_YOUR ASSIGNMENT_
Down to the last line below, repeat the entries word for word and drop the pictures.

_RECORDS FOR THE TASK_

----------

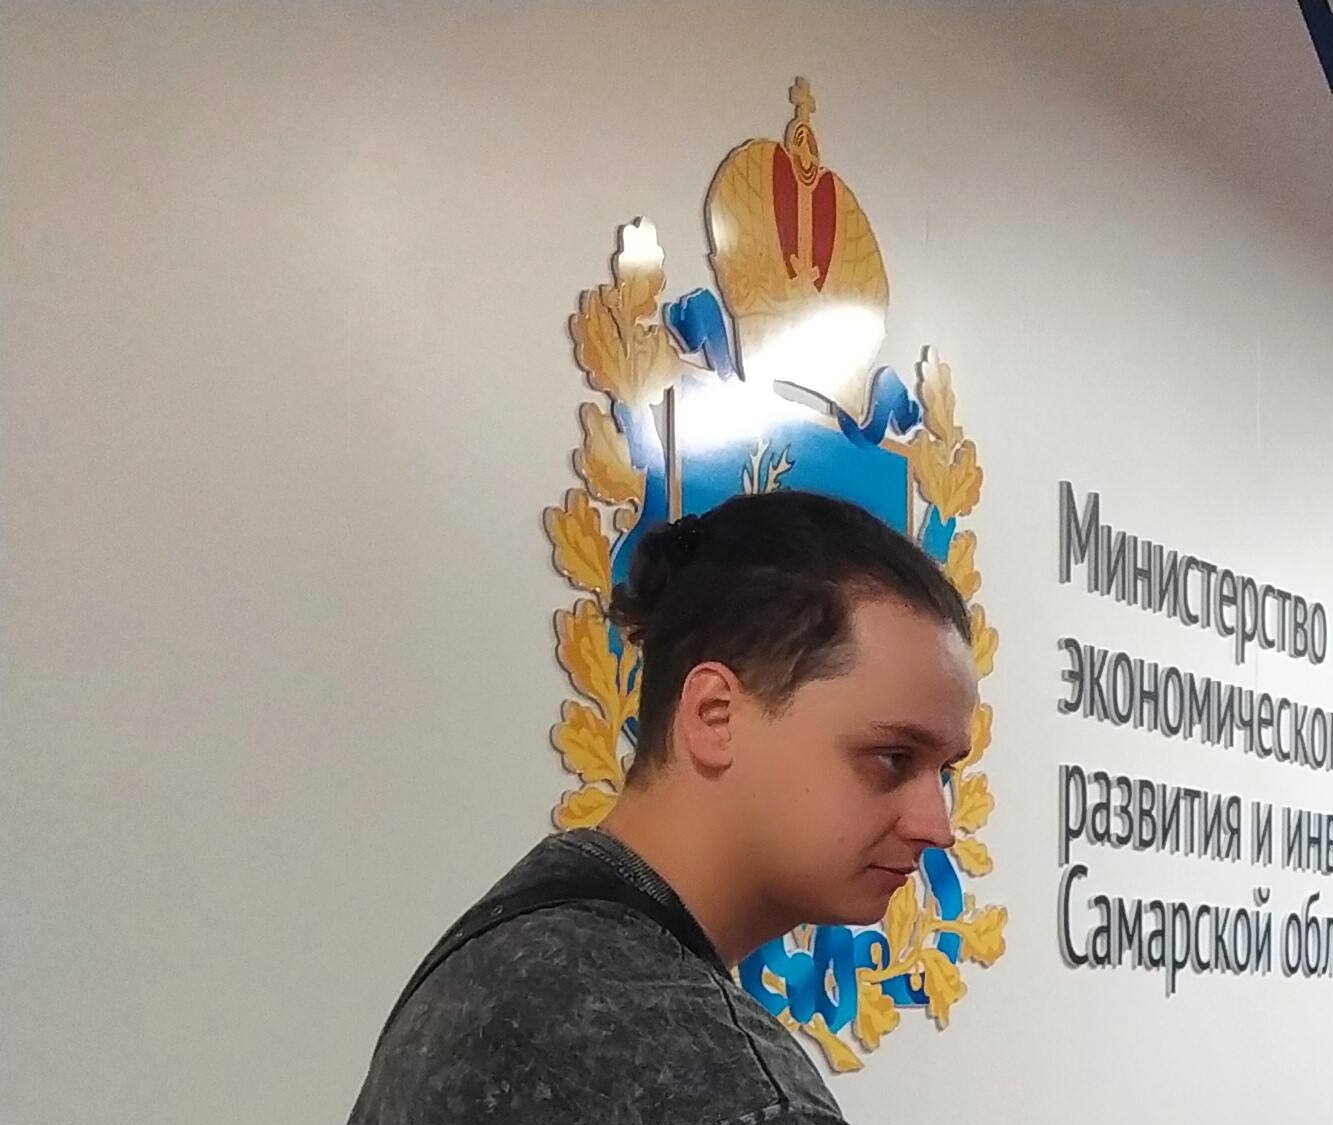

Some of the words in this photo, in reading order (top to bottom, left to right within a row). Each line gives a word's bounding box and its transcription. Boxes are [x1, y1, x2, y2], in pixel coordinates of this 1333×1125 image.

[1058, 480, 1327, 664] Министерство
[1058, 764, 1241, 867] развития
[1251, 802, 1273, 866] и
[1058, 864, 1271, 997] Самарской

----------

_TASK OUTPUT_
Some of the words in this photo, in reading order (top to bottom, left to right within a row). Each line gives a word's bounding box and its transcription. Boxes are [x1, y1, x2, y2], in pixel coordinates of this 1333×1125 image.

[1058, 480, 1327, 664] Министерство
[1058, 764, 1241, 867] развития
[1251, 802, 1273, 866] и
[1058, 864, 1271, 997] Самарской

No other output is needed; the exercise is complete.